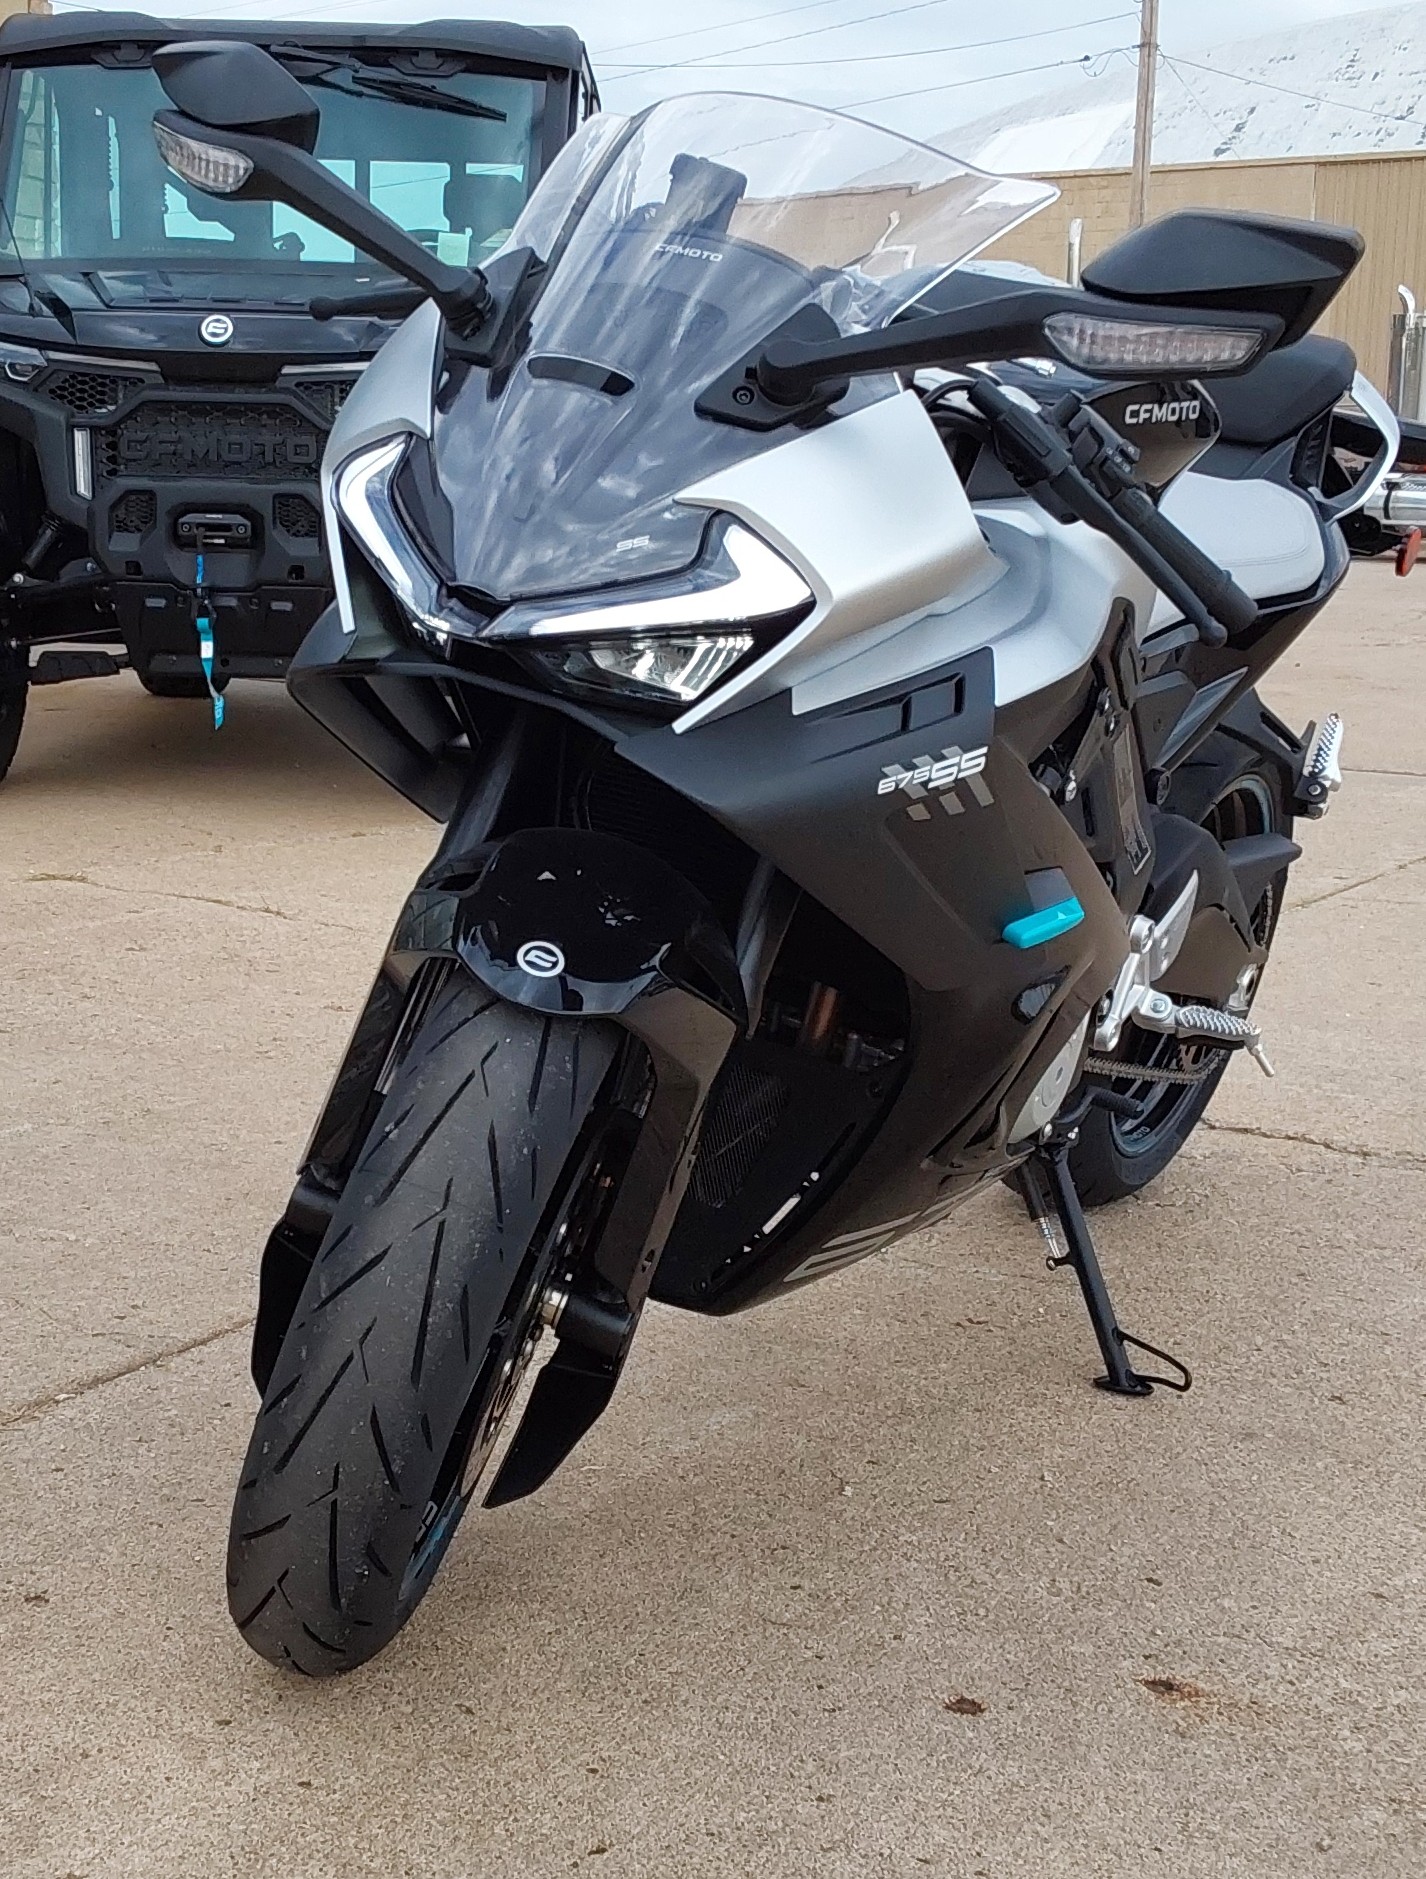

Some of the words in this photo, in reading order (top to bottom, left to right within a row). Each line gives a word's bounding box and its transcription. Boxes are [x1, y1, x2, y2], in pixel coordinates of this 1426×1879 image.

[655, 243, 723, 262] CFMOTO
[1124, 400, 1200, 424] CFMOTO
[119, 430, 318, 465] CFMOTO
[616, 535, 650, 552] SS
- - - - -
> _Directions for this task_
Quote the preceding records in their entirety, excluding every picture.

> _Solution to this exercise_
Some of the words in this photo, in reading order (top to bottom, left to right within a row). Each line gives a word's bounding box and its transcription. Boxes are [x1, y1, x2, y2], in pixel coordinates of this 1426×1879 image.

[655, 243, 723, 262] CFMOTO
[1124, 400, 1200, 424] CFMOTO
[119, 430, 318, 465] CFMOTO
[616, 535, 650, 552] SS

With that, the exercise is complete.